New communications systems and digital technologies have already meant dramatic changes in the way we live. Think of what is already routine that would have been considered impossible just ten years ago. You can browse through the holdings of your local library -- or of libraries halfway around the world -- do your banking and see if your neighbor has gone bankrupt, all through a computer and modem.

Imploding costs coupled with exploding power are bringing ever more powerful computer and digital systems to ever growing numbers of people. The Net, with its rapidly expanding collection of databases and other information sources, is no longer limited to the industrialized nations of the West; today the web extends into once remote areas from Siberia to Zimbabwe. The cost of computers and modems used to plug into the Net, meanwhile, continue to plummet, making them ever more affordable.

Cyberspace has become a vital part of millions of people's daily lives. People form relationships online, they fall in love, they get married, all because of initial contacts in cyberspace, that ephemeral ``place'' that transcends national and state boundaries. Business deals are transacted entirely in ASCII. Political and social movements begin online, coordinated by people who could be thousands of miles apart.

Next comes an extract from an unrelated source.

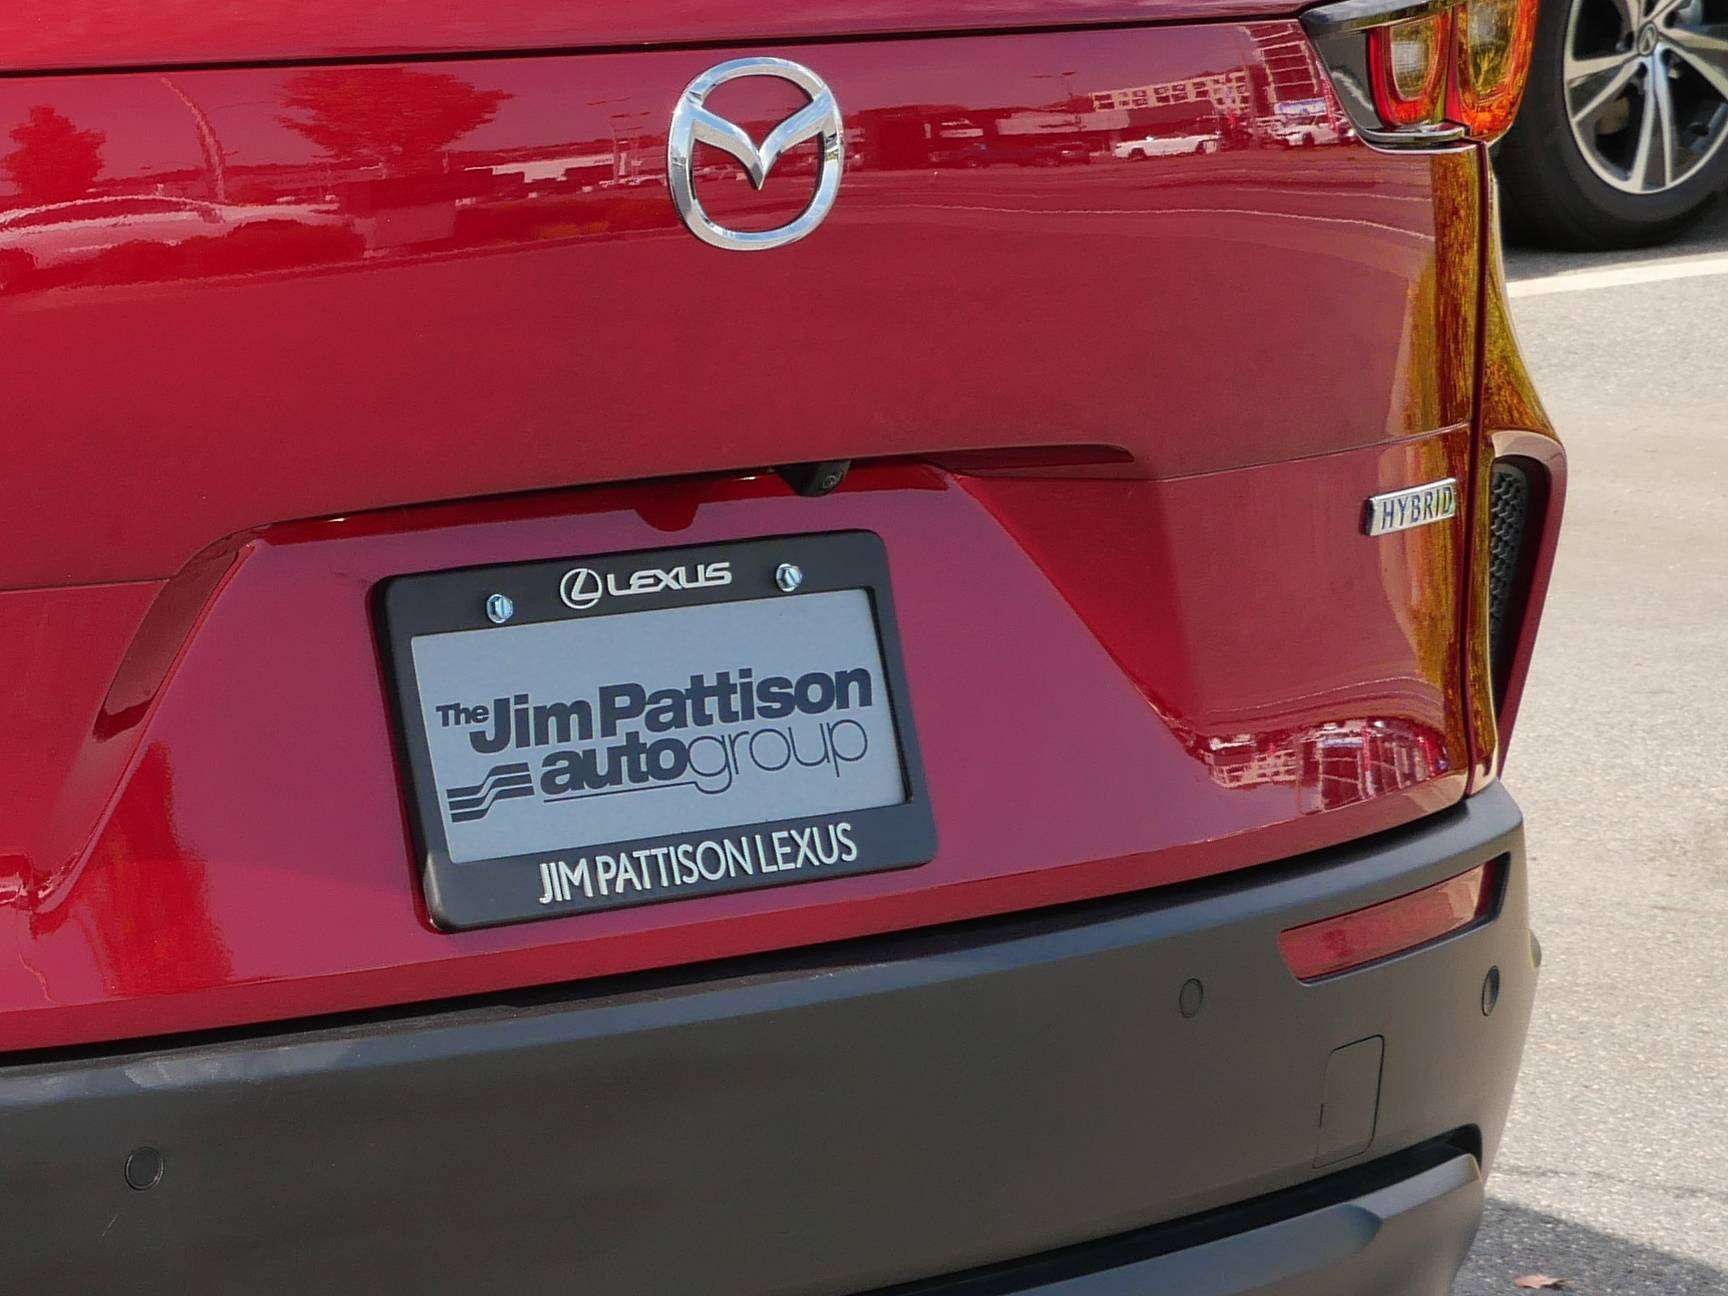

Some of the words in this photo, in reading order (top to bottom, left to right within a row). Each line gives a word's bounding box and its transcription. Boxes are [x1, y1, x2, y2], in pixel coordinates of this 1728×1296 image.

Yet this is only the beginning.

We live in an age of communication, yet, the various media we use to talk to one another remain largely separate systems. One day, however, your telephone, TV, fax machine and personal computer will be replaced by a single ``information processor'' linked to the worldwide Net by strands of optical fiber.

Beyond databases and file libraries, power will be at your fingertips. Linked to thousands, even millions of like-minded people, you'll be able to participate in social and political movements across the country and around the world.

How does this happen? In part, it will come about through new technologies. High-definition television will require the development of inexpensive computers that can process as much information as today's work stations. Telephone and cable companies will compete to see who can bring those fiber-optic cables into your home first. High- speed data networks, such as the Internet, will be replaced by even more powerful systems.

Vice President Albert Gore, who successfully fought for a landmark funding bill for a new high-speed national computer network in 1990, talks of creating "information superhighways.''

Right now, we are in the network equivalent of the early 1950s, just before the creation of the Interstate highway system. Sure, there are plenty of interesting things out there, but you have to meander along two-lane roads, and have a good map, to get to them.

Creation of this new Net will also require a new communications paradigm: the Net as information utility. The Net remains a somewhat complicated and mysterious place. To get something out of the Net today, you have to spend a fair amount of time with a Net veteran or a manual like this. You have to learn such arcana as the vagaries of the Unix cd command.

Contrast this with the telephone, which now also provides access to large amounts of information through push buttons, or a computer network such as Prodigy, which one navigates through simple commands and mouse clicks.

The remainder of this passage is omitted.